What is that wise old saying: be careful what you wish for, you might just get it?

Raymond got a wish come true, but I suspect it was mine.

I met him at the luxurious Anantara Resort and Spa in Thailand's Golden Triangle where my room with a private terrace overlooking the steamy jungle cost around $1200 a night.

After I had relaxed in the pool-sized bath with its rose petals and aromatic oils I headed for the Elephant Bar, a cool and airy room brushed by ceiling fans and with views across the pool and jungle canopy. From here you could flick a peanut into Myanmar.

Raymond, who was resident manager at this sliver of tropical paradise, introduced himself and we settled down over something white and imported from France which he wanted to sample. Such was his arduous job.

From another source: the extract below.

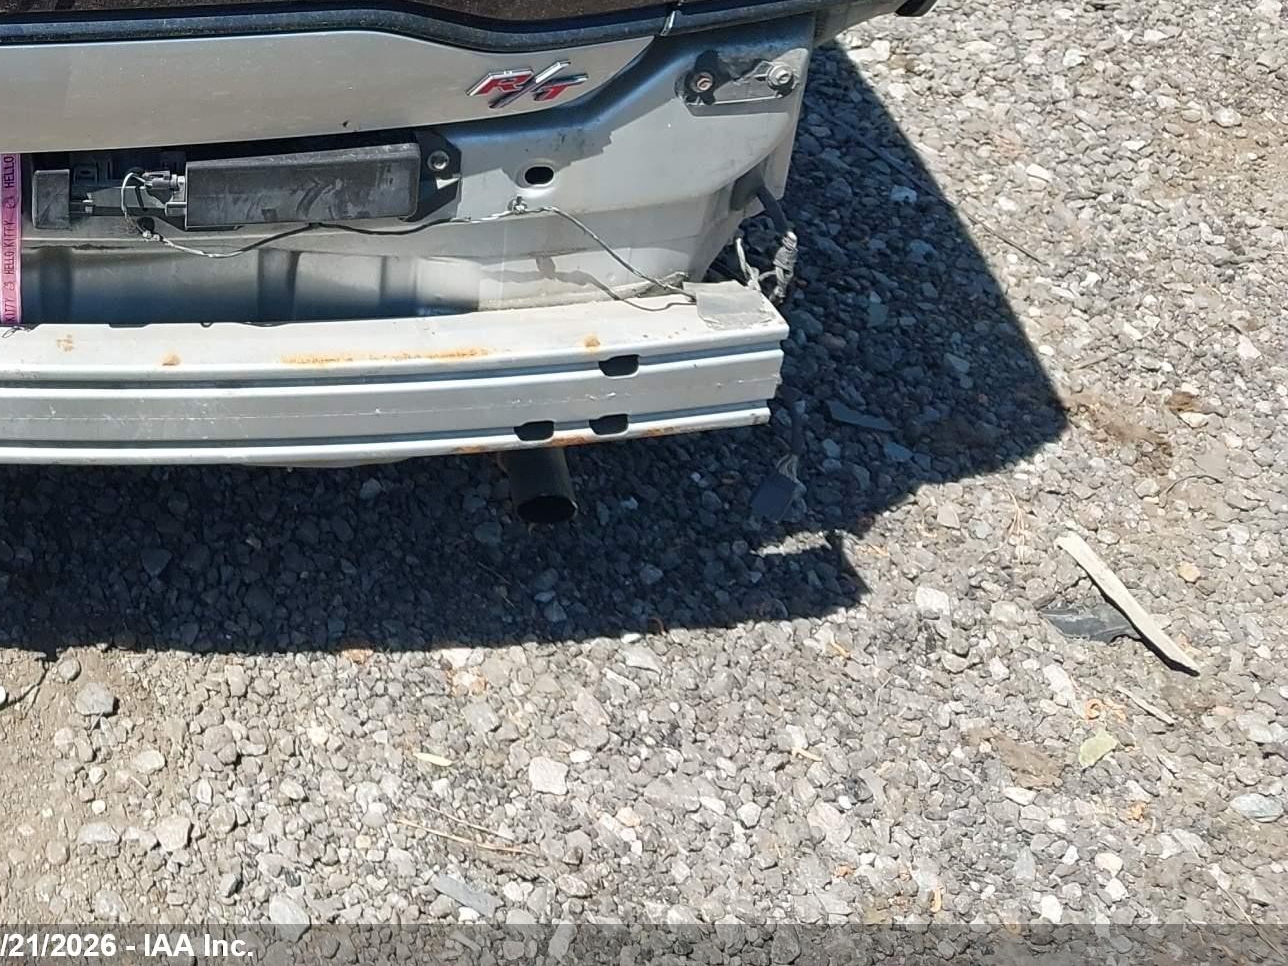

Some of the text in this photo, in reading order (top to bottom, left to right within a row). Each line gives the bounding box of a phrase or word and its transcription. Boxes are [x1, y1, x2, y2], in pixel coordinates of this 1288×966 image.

[466, 59, 589, 109] R/T
[3, 156, 15, 189] HELLO
[4, 220, 16, 247] KITTY
[4, 251, 15, 275] HELLO

Raymond was in his early 30s at a guess, handsome and healthy as so many Swiss are, and had scored this dream position at a hotel which attracted wealthy internationals who wanted nothing more than to relax, maybe ride an elephant or go for a jungle trek, and come back to the Elephant Bar and pool in the late afternoon. Raymond made sure everything ran smoothly and that the imported wines were up to scratch.

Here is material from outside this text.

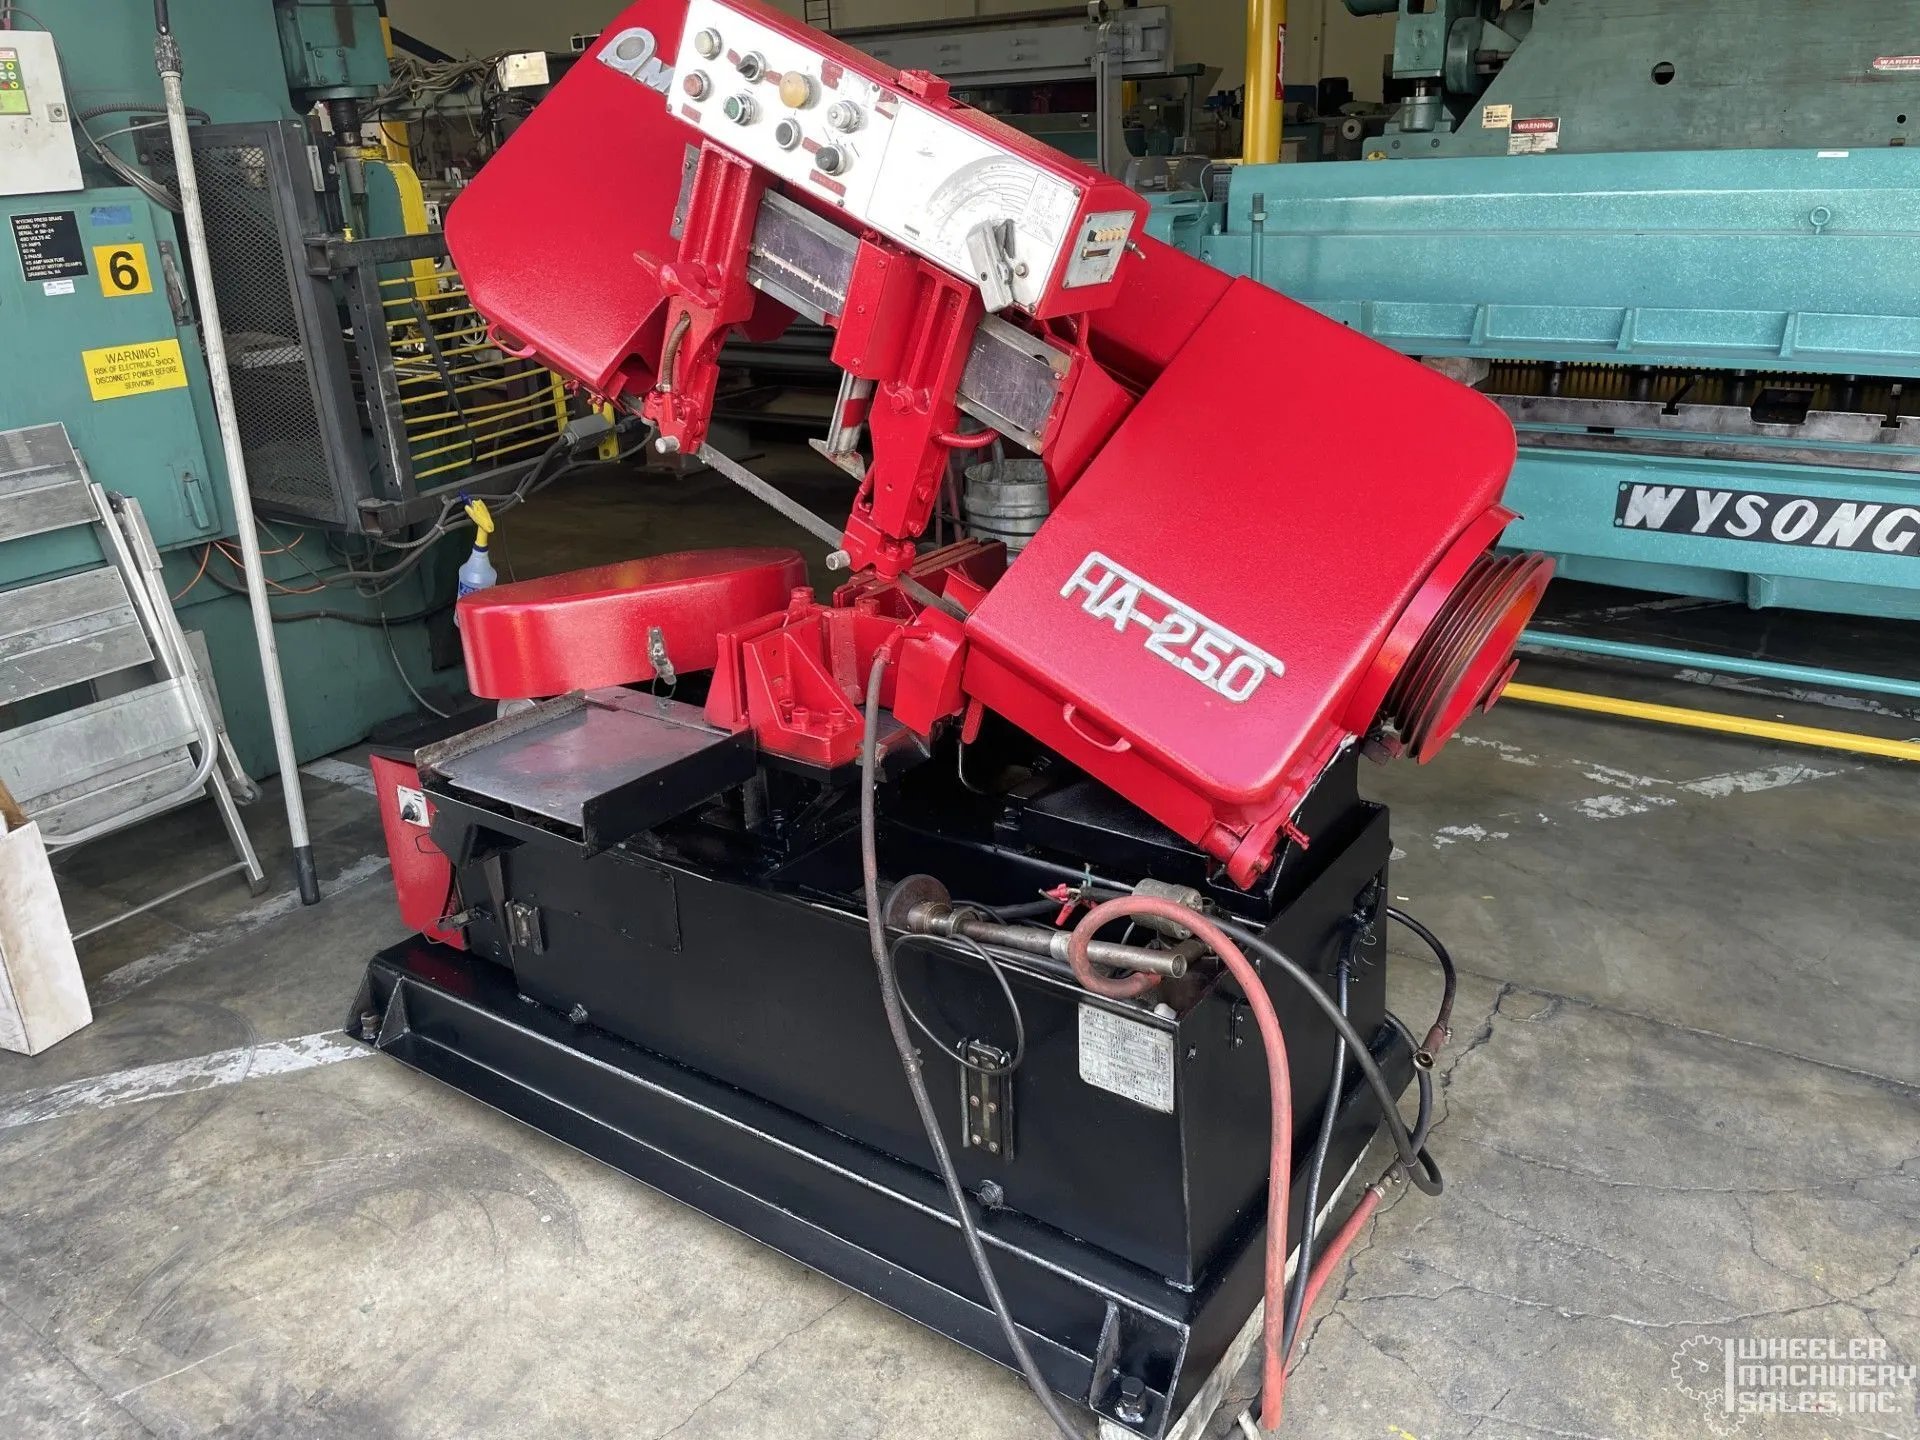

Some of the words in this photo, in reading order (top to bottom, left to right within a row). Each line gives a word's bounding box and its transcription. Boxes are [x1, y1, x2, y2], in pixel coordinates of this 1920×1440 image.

That night he insisted I be his guest at the resort's Italian restaurant -- yes, beautiful chianti and veal available in the Golden Triangle.

The following morning we breakfasted together on the patio, supping superb coffee and choosing between exotic tropical fruits, the full English breakfast or various Asian offerings. Then Raymond drove me down to the elephant park and we climbed into the hills so I could choose an animal to ride. In the afternoon I recovered in my room while Raymond went about his business.

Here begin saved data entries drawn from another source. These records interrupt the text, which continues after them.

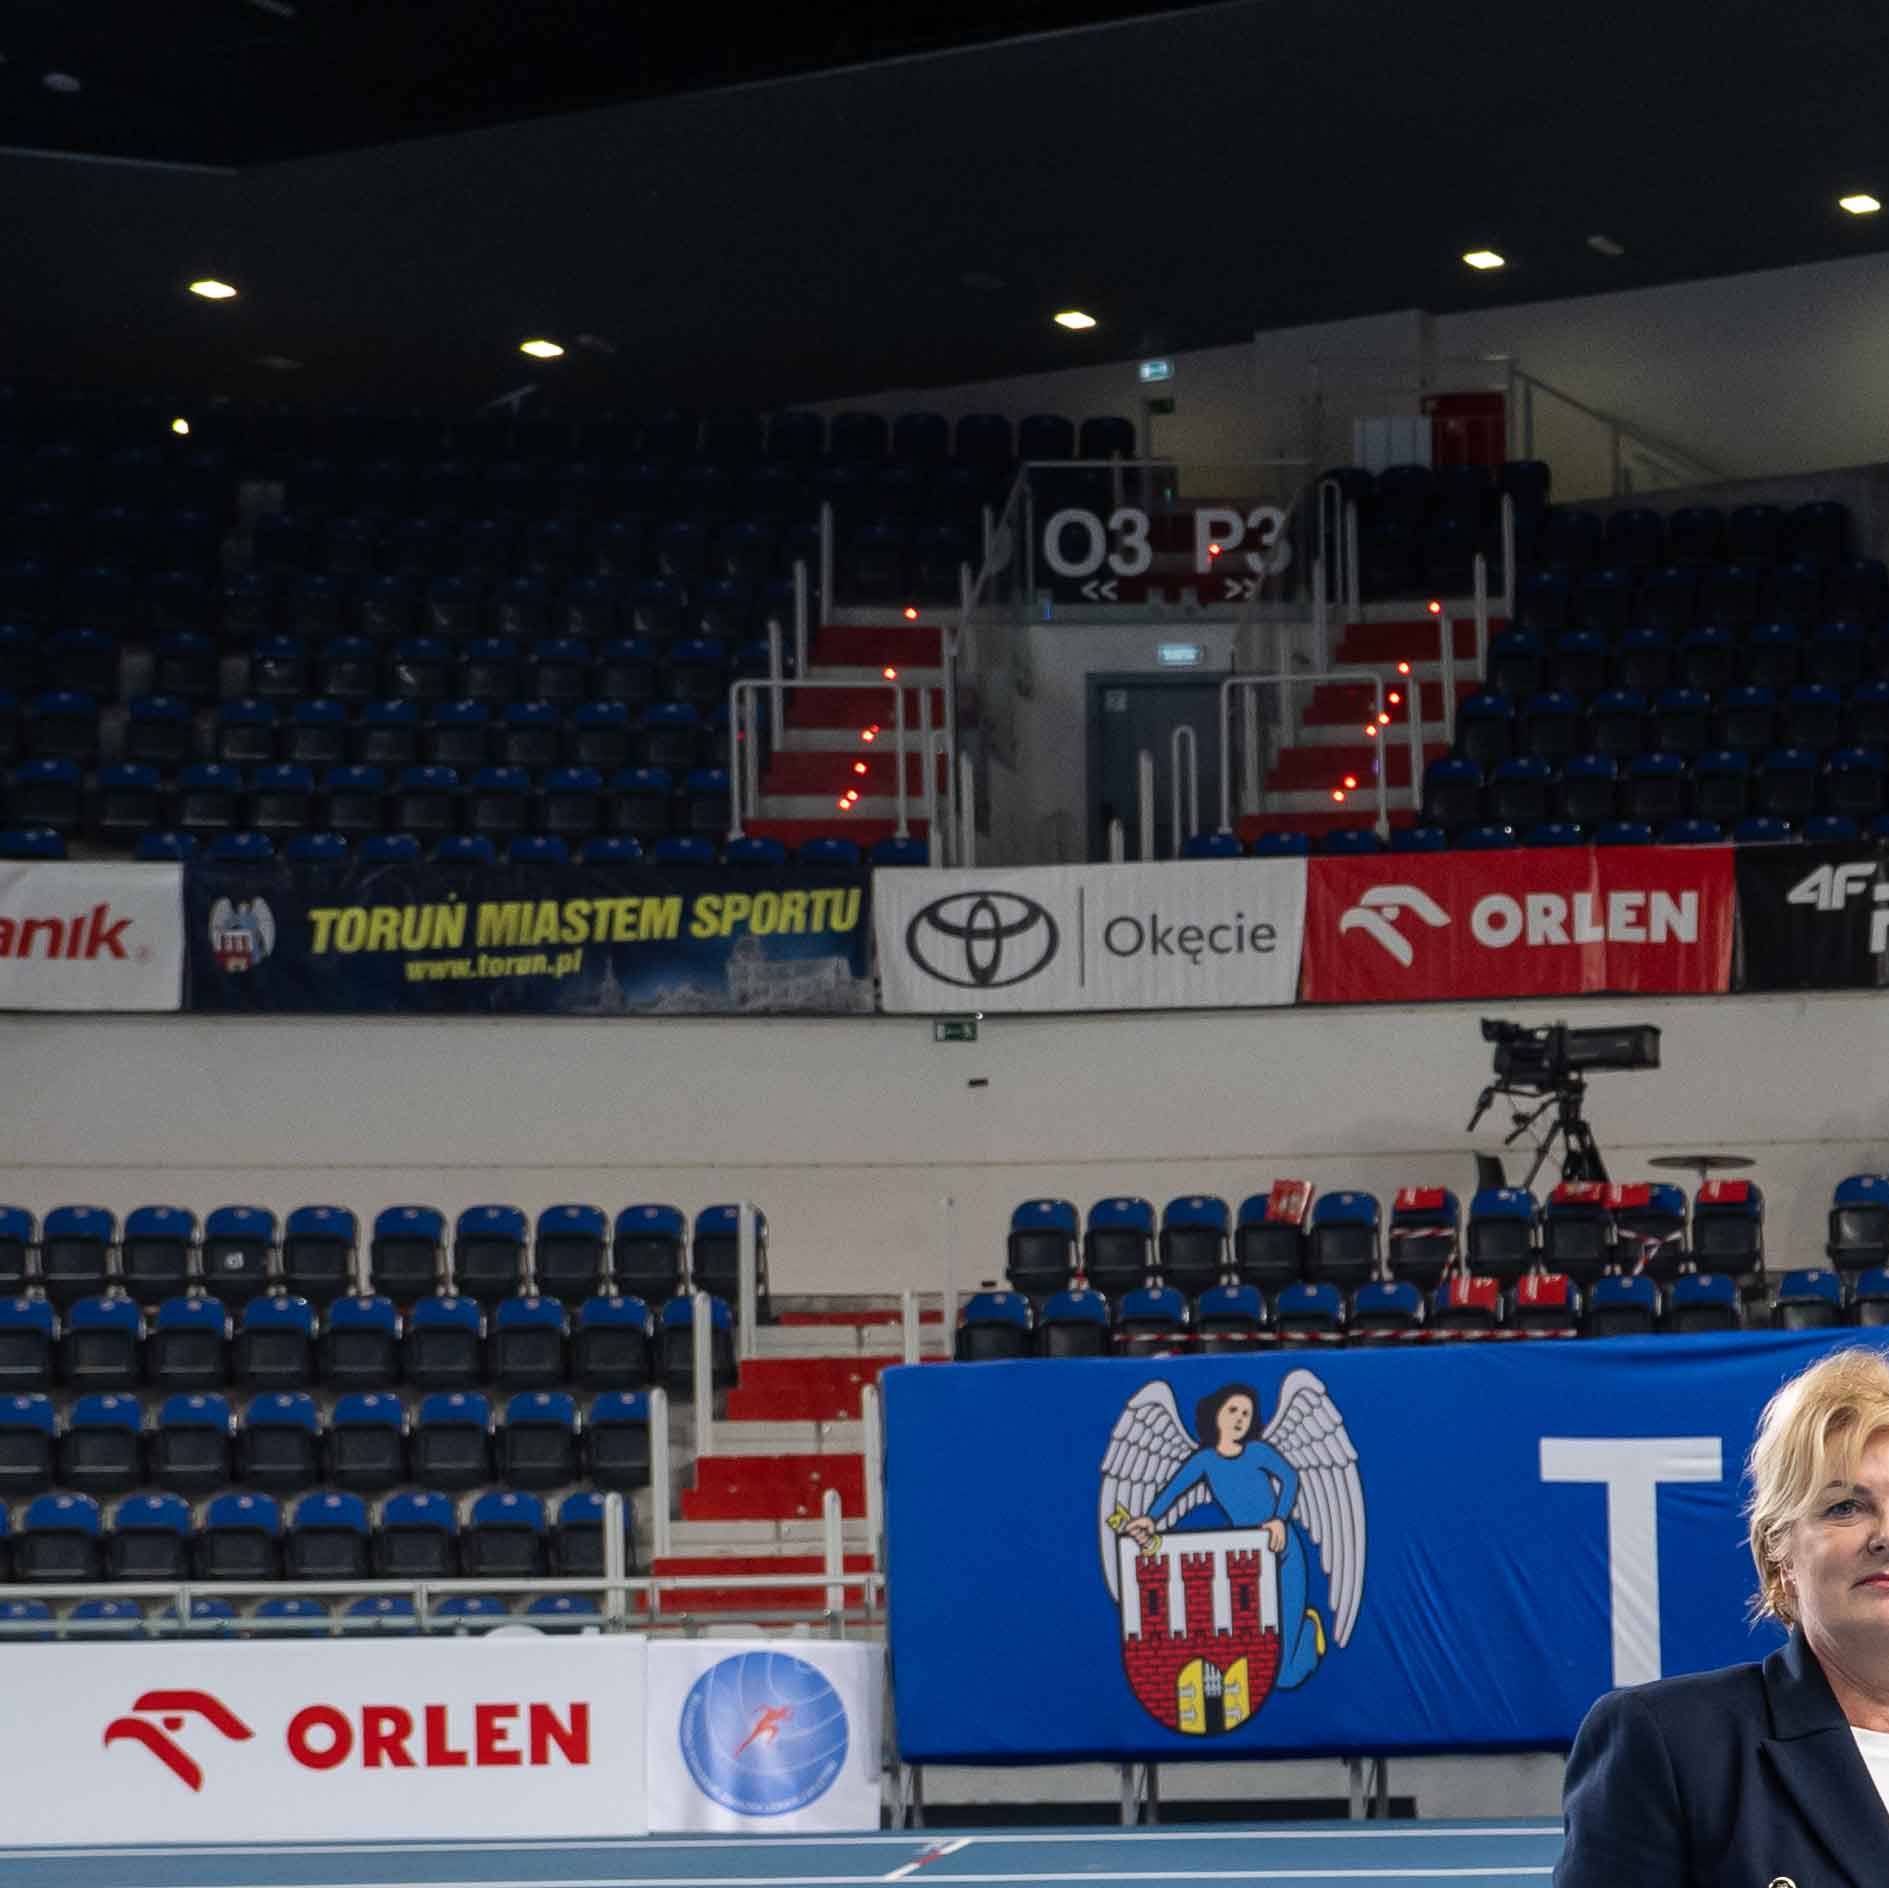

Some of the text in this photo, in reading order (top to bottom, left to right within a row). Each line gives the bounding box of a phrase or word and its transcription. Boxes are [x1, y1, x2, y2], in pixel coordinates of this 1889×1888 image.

[1043, 506, 1292, 577] O3 P3
[308, 889, 861, 954] TORUŃ MIASTEM SPORTU
[1103, 912, 1278, 966] Okęcie
[1471, 890, 1698, 948] ORLEN
[287, 1702, 589, 1769] ORLEN

That evening we met again in the Elephant Bar and again Raymond wanted to try some new wines which an importer was offering him, so we sat and talked.

It came up that I had interviewed numerous rock musicians and Raymond was enthusiastic. He was huge fan of heavy metal, had a massive stereo system in his on-site apartment, and wanted to know what musicians I had met.

The expensive wine kept coming as we laughed about Motorhead and Swiss bands like Krokus, and I promised that when I got home I would send him the DVD of the Metallica documentary I had just seen at the movies.

Then I remembered that the Scorpions from Germany were playing in Bangkok that weekend and Raymond went slightly melancholy.

I know, my girlfriend is looking after them, he said. I really wanted to see them, I like them so much but, you know &

He gestured around the teak and panelled Elephant Bar where a trio of Thai musicians were quietly playing local folk and popular covers on traditional instruments.

Raymond's Thai girlfriend lived in Bangkok and they saw each other maybe once a month, he going there or she coming up here. She had something to do with the music industry because she met many touring artists.

The next day I shook his hand after breakfast, we exchanged cards and a fortnight later I sent an e-mail saying the Metallica DVD wasn't available yet but when it was it would be winging its way to him at beautiful Anantara. And thanks again for the hospitality.

The reply came from another address. He had quit his job and was now back in Bangkok looking for work.

Raymond was no longer a prisoner in paradise.